The creative, the modernists remind us, is something that cannot be diminished. But can the critical be diminished? Diminishing a work to its synopsis, reducing it to its blurb, to listicles, as the culture of paraphrase now imposes on us, is to deny both the right of existence of the work itself. (If we have a blurb, why do we need to read the book?) The word I’m looking for is ‘poetic’ – it is often used to distinguish between the two. There is a history of suspicion around the use of the term – ‘serious’ critics will take offense if their writing is called ‘poetic’, equating it to ‘impressionistic’; the poet-critic will take umbrage as well, for not being deemed ‘intellectual’ enough. To make these divisions, between the creative and the critical, between poet and critic, between creative writer and scholar, and then try to bring them together, to the background sound of Humpty Dumpty (‘Could never put Humpty together again’), is a bit like the magician who saws through a human body in a box, and then, puts the severed pieces back together. The truth, as we know, is that the body was never chopped at all. It was only an illusion for us to be impressed by the magician, to validate the ticket money to ourselves. I think the analogy is true of writing – there never was a severance between the creative and the critical until one went to university and was asked to choose between the two. The trigger was commercial: separation of departments, of theorists and practitioners; power; more jobs; more students; corporatisation of writing by branding it. The subterranean energy of the Creative-Critical movement, now being reinvented and repackaged, is a corrective measure as much as it is an empowering one. Not creative or critical but creative and critical. For criticism and lyricism are not antithetical in nature.
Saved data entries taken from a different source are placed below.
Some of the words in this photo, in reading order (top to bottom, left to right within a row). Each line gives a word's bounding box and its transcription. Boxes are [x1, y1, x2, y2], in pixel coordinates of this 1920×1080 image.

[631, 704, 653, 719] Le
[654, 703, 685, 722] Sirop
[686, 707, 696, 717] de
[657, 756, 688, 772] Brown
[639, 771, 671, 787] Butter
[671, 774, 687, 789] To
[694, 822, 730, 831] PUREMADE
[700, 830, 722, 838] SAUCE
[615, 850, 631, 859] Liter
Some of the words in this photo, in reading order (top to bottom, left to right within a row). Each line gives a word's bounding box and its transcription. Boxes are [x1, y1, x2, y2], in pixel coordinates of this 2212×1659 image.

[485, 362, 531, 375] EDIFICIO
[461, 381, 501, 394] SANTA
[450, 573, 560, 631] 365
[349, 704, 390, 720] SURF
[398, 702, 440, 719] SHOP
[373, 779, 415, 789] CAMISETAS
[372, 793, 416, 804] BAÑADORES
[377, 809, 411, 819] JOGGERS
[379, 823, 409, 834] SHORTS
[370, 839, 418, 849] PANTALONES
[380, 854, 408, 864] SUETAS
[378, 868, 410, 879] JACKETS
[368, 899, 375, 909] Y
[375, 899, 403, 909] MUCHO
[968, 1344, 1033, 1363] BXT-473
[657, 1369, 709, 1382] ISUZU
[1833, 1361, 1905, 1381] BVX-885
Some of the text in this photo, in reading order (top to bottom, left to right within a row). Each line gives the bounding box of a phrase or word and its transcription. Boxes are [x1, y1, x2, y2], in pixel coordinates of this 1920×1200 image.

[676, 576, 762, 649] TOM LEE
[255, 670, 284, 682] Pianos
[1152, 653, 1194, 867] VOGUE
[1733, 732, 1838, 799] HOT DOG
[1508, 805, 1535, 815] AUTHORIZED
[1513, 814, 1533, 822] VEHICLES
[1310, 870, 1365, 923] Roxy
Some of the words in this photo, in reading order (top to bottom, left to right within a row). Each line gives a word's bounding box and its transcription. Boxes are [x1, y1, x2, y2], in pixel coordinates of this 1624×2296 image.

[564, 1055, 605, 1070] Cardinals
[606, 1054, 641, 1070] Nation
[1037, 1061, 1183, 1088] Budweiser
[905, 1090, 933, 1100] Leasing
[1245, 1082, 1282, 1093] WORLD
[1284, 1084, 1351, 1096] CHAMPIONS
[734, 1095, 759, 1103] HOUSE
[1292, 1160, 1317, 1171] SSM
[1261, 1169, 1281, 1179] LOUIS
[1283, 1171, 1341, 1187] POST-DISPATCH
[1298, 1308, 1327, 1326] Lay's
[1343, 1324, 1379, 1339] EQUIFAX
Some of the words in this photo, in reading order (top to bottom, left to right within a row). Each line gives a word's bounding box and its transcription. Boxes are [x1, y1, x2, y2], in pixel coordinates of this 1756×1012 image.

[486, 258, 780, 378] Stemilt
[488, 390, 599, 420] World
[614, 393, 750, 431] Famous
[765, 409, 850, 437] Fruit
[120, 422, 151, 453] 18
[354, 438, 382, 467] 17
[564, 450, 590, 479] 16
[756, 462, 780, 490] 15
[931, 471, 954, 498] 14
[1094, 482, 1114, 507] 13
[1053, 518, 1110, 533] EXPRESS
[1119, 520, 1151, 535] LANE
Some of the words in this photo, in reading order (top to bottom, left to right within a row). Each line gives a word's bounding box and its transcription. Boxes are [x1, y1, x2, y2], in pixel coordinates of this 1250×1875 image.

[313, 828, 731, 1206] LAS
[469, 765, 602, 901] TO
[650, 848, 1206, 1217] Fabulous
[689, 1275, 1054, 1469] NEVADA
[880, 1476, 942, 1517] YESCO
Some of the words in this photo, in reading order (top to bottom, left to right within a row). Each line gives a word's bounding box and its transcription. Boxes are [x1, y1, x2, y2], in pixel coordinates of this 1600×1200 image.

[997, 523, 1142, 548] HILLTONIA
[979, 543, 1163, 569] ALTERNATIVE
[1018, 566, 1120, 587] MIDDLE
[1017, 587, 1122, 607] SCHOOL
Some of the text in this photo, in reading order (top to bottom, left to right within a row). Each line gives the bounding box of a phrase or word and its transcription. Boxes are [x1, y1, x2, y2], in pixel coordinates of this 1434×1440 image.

I began with an epigraph from J C Ransom’s essay “Criticism Inc”. Ransom identifies three categories of people who could become critics: ‘the philosopher, who should know all about the function of the fine arts (but) … his theory is very general and his acquaintance with the particular works of art is not persistent and intimate, especially his acquaintance with their technical effects; ‘the university teacher of literature, who is styled professor, and who should be the very professional we need to take charge of the critical activity … but he is a greater disappointment … Professors of literature are learned but not critical men’. The third is ‘the artist himself; … but his understanding is intuitive rather than dialectical—he cannot very well explain his theory of the thing’. And yet, Ransom, like Eliot before him, writing this in 1937, chooses the practitioner: ‘It is true that literary artists, with their command of language, are better critics of their own art than are other artists; probably the best critics of poetry we can now have are the poets’. Creative-Critical, Inc., an enterprise that we see emerging today, is perhaps only a call for the rehabilitation of literature and its practitioners to literature departments, from where they were evacuated — or banished — after the ‘sociological turn’.

 

And now I’m not even sure whether what I have written is a creative or critical piece of writing.